Nuances of phlegm expulsion

So, it's the sickly season and then some. H1N1 is striking with germy venom, regular run-of-the-mill colds and viruses are leaping onto new hosts with glee, and the air around is generally so contaminated that one is afraid to take a breath. And don't scratch that tickle below your brow, for goodness' sake—the urge to rub your eye will be far too strong. (Although I'm still not certain whether viruses can enter through the eye, I consider it to be an orifice of sorts, albeit plugged with your eyeball, and I'm not taking any chances.)

But the ill surroundings have made me aware of an uncanny ability most of us have by the time we're adults: we can read a cough. Sometimes we can read it superbly. I sat in church today, and a baby coughed behind me. How did I know it was a baby? I don't know, exactly, but I did; I even suspected it to be a female baby. Then I turned later to confirm it, and sure enough, the cough was coming from a tiny child, about 6 or 8 months old.

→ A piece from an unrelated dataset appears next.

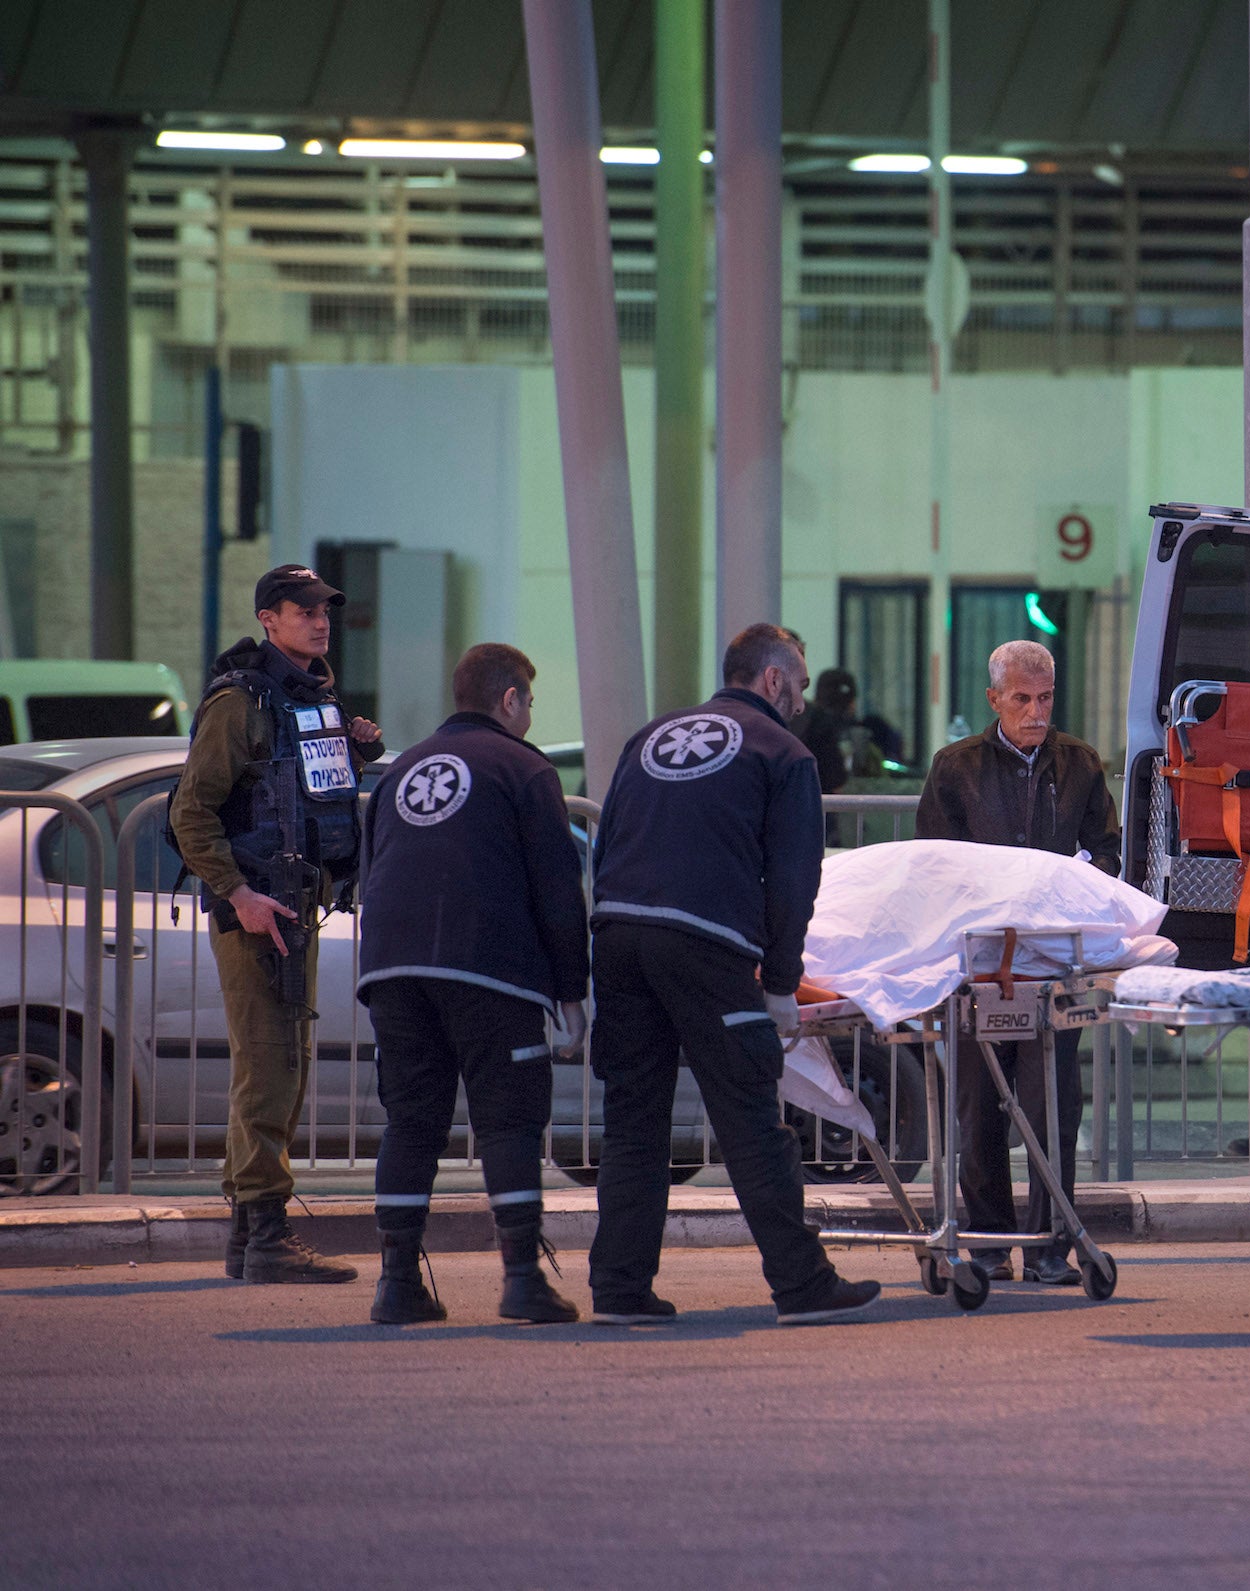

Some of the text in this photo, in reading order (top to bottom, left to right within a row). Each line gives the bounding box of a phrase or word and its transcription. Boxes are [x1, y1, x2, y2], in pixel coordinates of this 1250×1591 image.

[1058, 514, 1092, 562] 9
[303, 739, 347, 760] המשטרה
[311, 767, 351, 788] הצבאית
[987, 1013, 1030, 1028] FERNO

A little girl with pink Mary Janes. What made her small cough different from others? The timbre was too high to be an adult's, and the little noise she made didn't sound as if it had traveled very far on its way out. I don't know how else to describe it, but I think you'll know what I mean.

Church is a good place to test this theory, because it's a rather quiet space and there's a large sampling of humanity from which to draw data. I remember a few years ago that Todd and I both noticed the same insistent, seemingly endless cough that we heard week after week. We both knew it was a woman before we'd located the back of her head, and we both noted that the cough was a rather wet sound, indicative of something chronic. Lo and behold, we met her last year—a lovely, charming miss who happens to have cystic fibrosis.

Think about it: can't you usually guess correctly the approximate age of the cougher? Often, even in children, the sex of the coughing victim? Can you not often predict whether a cough will be accompanied by a nasty, snotty nose or watery eyes? Sometimes you can even tell how many days or weeks the person has been coughing, because those lingering, dry coughs of the late-stage head cold are so easily identified. It's quite amazing, really, the amount of overwhelmingly accurate information you can garner from merely listening to someone as they attempt to clear their lungs or stop a squirrelly bronchial spasm in its tracks.

I really did hear the message today, too—I wasn't just listening to sickies and trying not to breathe. But one can't help noticing.